# DeepKT + Wide&Deep IRT Visualizations

This notebook generates static visualizations for the key components of the system:
1. **Attention Heatmap**: Visualizing the self-attention mechanism in SAKT.
2. **WD-IRT Parameters**: Item Difficulty vs. Discrimination.
3. **Student Mastery Trajectory**: Evolution of skill mastery over time.
4. **Gaming Detection**: Identifying rapid guessing behavior.

In [1]:
import pandas as pd
import numpy as np
import matplotlib.pyplot as plt
import seaborn as sns
import json
from pathlib import Path

# Set style
sns.set_theme(style="whitegrid")
plt.rcParams['figure.figsize'] = [10, 6]
plt.rcParams['figure.dpi'] = 100

# Paths
DATA_DIR = Path('../docs/data')
REPORTS_DIR = Path('../reports')


## 1. Attention Heatmap
Visualizing how the model attends to past interactions (Keys) when predicting the current one (Query).

In [3]:
def plot_attention_heatmap():
    # Load data
    with open(DATA_DIR / 'attention_sample.json') as f:
        data = json.load(f)['data']
    
    # Extract weights (assuming sparse format or matrix)
    # For this demo, we'll construct a matrix from the links if it's graph data,
    # or use the matrix directly if available. 
    # The current attention_sample.json format from our exporter is likely a list of links.
    
    # Let's assume we have nodes and links from the exporter
    if 'links' in data:
        nodes = data['nodes']
        links = data['links']
        n = len(nodes)
        matrix = np.zeros((n, n))
        
        # Map IDs to indices
        id_map = {node['id']: i for i, node in enumerate(nodes)}
        labels = [node['label'] for node in nodes]
        
        for link in links:
            src = id_map.get(link['source'])
            tgt = id_map.get(link['target'])
            if src is not None and tgt is not None:
                matrix[tgt, src] = link['weight']  # Target attends to Source
                
        plt.figure(figsize=(10, 8))
        sns.heatmap(matrix, xticklabels=labels, yticklabels=labels, cmap="viridis", annot=True, fmt=".2f")
        plt.title("Self-Attention Weights (Query vs Key)")
        plt.xlabel("Key (Past Interaction)")
        plt.ylabel("Query (Current Prediction)")
        plt.show()
    else:
        print("Data format not recognized for heatmap.")

plot_attention_heatmap()


TypeError: list indices must be integers or slices, not str

## 2. WD-IRT Parameters
Scatter plot of Item Difficulty vs.
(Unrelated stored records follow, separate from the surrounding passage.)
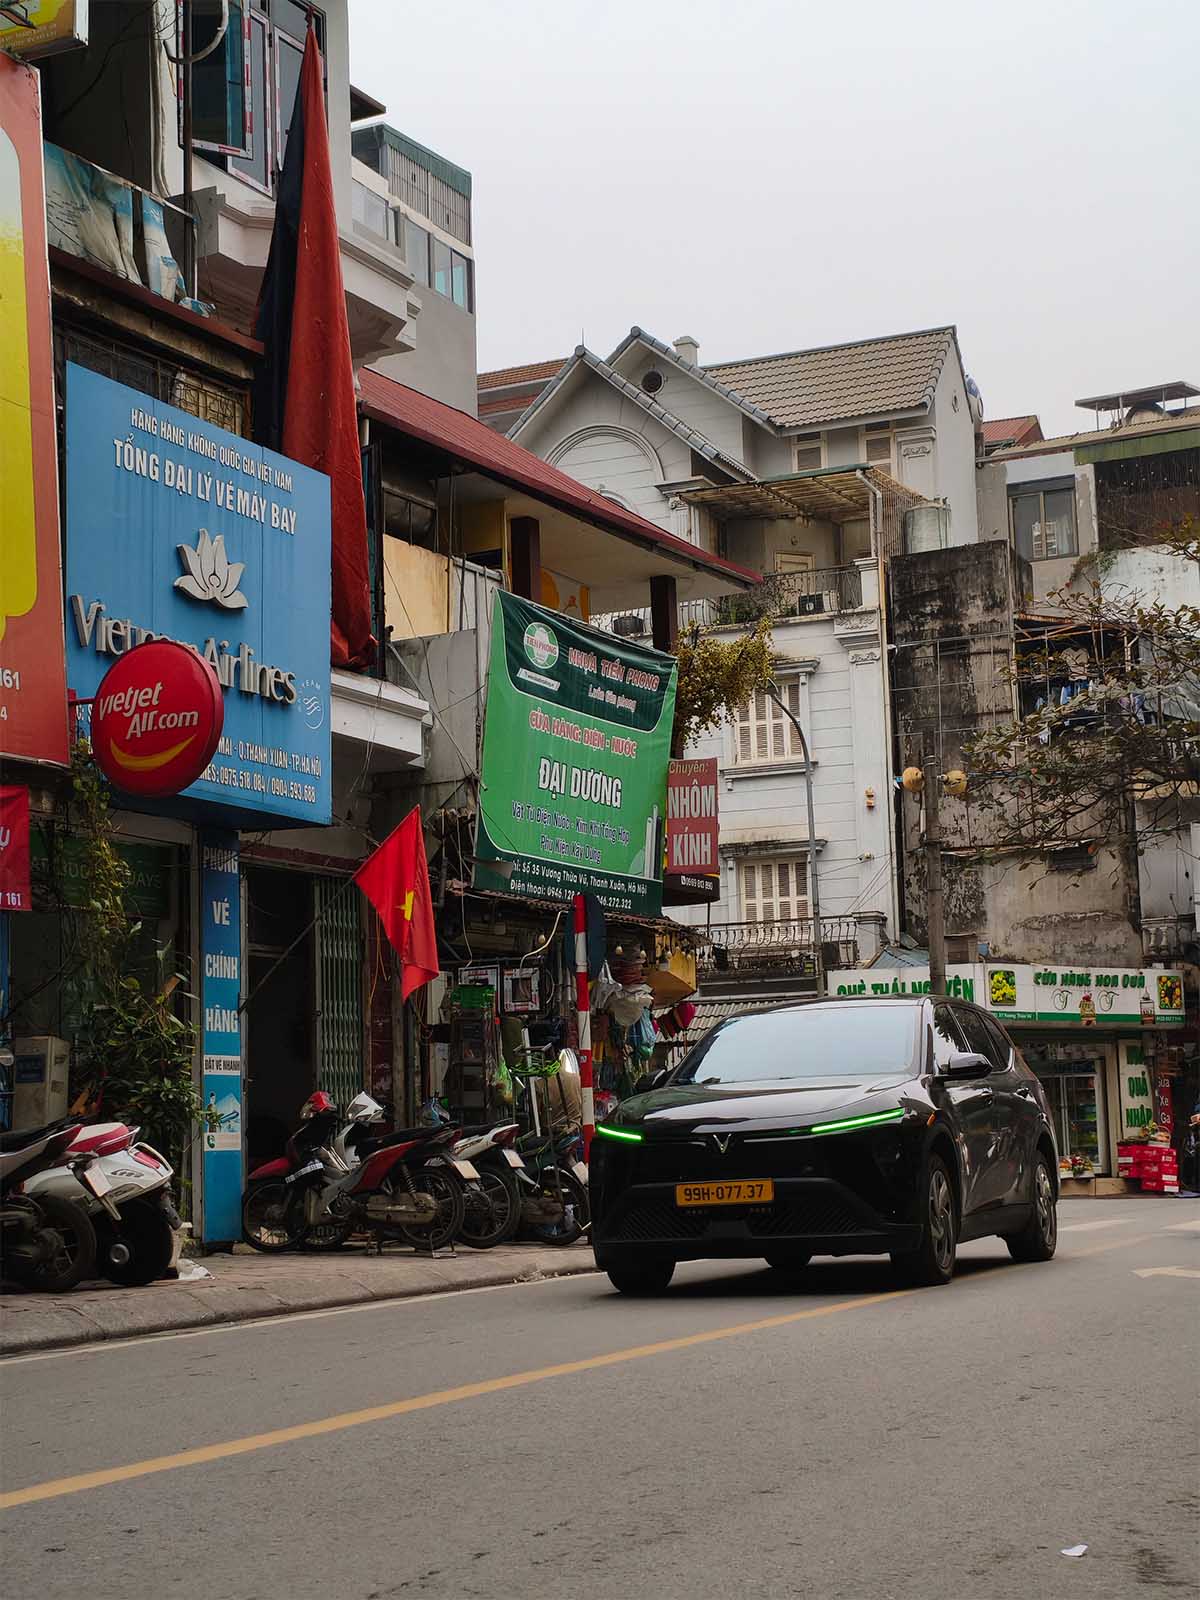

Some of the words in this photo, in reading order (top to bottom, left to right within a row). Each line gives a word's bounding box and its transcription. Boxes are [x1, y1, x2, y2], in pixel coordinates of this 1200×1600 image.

[114, 433, 160, 482] TỔNG
[164, 459, 192, 496] ĐẠI
[197, 472, 212, 502] LÝ
[216, 480, 234, 512] VÉ
[237, 490, 267, 524] MÁY
[271, 506, 298, 535] BAY
[242, 456, 256, 479] GIA
[274, 470, 293, 493] NAM
[202, 637, 297, 705] Airlines
[625, 668, 660, 692] PHONG
[529, 708, 551, 733] CỬA
[538, 756, 566, 799] ĐẠI
[569, 767, 623, 809] DƯƠNG
[668, 779, 716, 819] NHÔM
[673, 826, 711, 866] KÍNH
[532, 864, 540, 876] 35
[590, 876, 608, 888] Thanh
[212, 898, 231, 926] VÉ
[205, 950, 239, 980] CHÍNH
[684, 1183, 764, 1202] 99H-077.37
Discrimination, color-coded by item health.

In [None]:
def plot_irt_params():
    # Load data
    with open(DATA_DIR / 'wd_irt_params.json') as f:
        raw_data = json.load(f)['data']
    
    df = pd.DataFrame(raw_data)
    
    plt.figure(figsize=(10, 6))
    sns.scatterplot(
        data=df, 
        x='difficulty', 
        y='discrimination', 
        hue='health_status',
        palette={'good': 'green', 'warning': 'orange', 'critical': 'red'},
        alpha=0.7
    )
    
    plt.title("Item Response Theory Parameters")
    plt.axvline(0, color='gray', linestyle='--', alpha=0.5)
    plt.axhline(1, color='gray', linestyle='--', alpha=0.5)
    plt.show()

plot_irt_params()


## 3. Student Mastery Trajectory
Tracking how a student's mastery of a skill evolves over time.

In [None]:
def plot_mastery_trajectory():
    # Load data
    with open(DATA_DIR / 'sakt_mastery.json') as f:
        raw_data = json.load(f)['data']
    
    df = pd.DataFrame(raw_data)
    
    # Filter for a single student and top skills
    if not df.empty:
        student_id = df['user_id'].iloc[0]
        student_df = df[df['user_id'] == student_id]
        
        plt.figure(figsize=(12, 6))
        sns.lineplot(
            data=student_df, 
            x='sequence_position', 
            y='mastery_score', 
            hue='skill_id',
            marker='o'
        )
        
        plt.title(f"Mastery Trajectory for Student {student_id}")
        plt.ylim(0, 1)
        plt.ylabel("Mastery Probability")
        plt.xlabel("Interaction Sequence")
        plt.show()
    else:
        print("No mastery data available.")

plot_mastery_trajectory()


## 4. Gaming Detection
Identifying rapid guessing behavior by plotting Response Time vs. Correctness.

In [None]:
def plot_gaming_detection():
    # Load data
    with open(DATA_DIR / 'gaming_alerts.json') as f:
        raw_data = json.load(f)['data']
        
    # This file contains alerts, but for the plot we might want the underlying events.
    # If we only have alerts, we can visualize them.
    # For a scatter plot, we'd ideally want (latency, correct) pairs.
    # Let's simulate or use what we have.
    
    df = pd.DataFrame(raw_data)
    
    if not df.empty:
        plt.figure(figsize=(10, 6))
        
        # Plot alerts
        sns.scatterplot(
            data=df,
            x='rapid_guess_pct',
            y='severity',
            hue='severity',
            size='total_events',
            palette='viridis'
        )
        
        plt.title("Gaming Detection Alerts")
        plt.xlabel("Rapid Guess Percentage")
        plt.ylabel("Severity Score")
        plt.show()
    else:
        print("No gaming alerts found.")

plot_gaming_detection()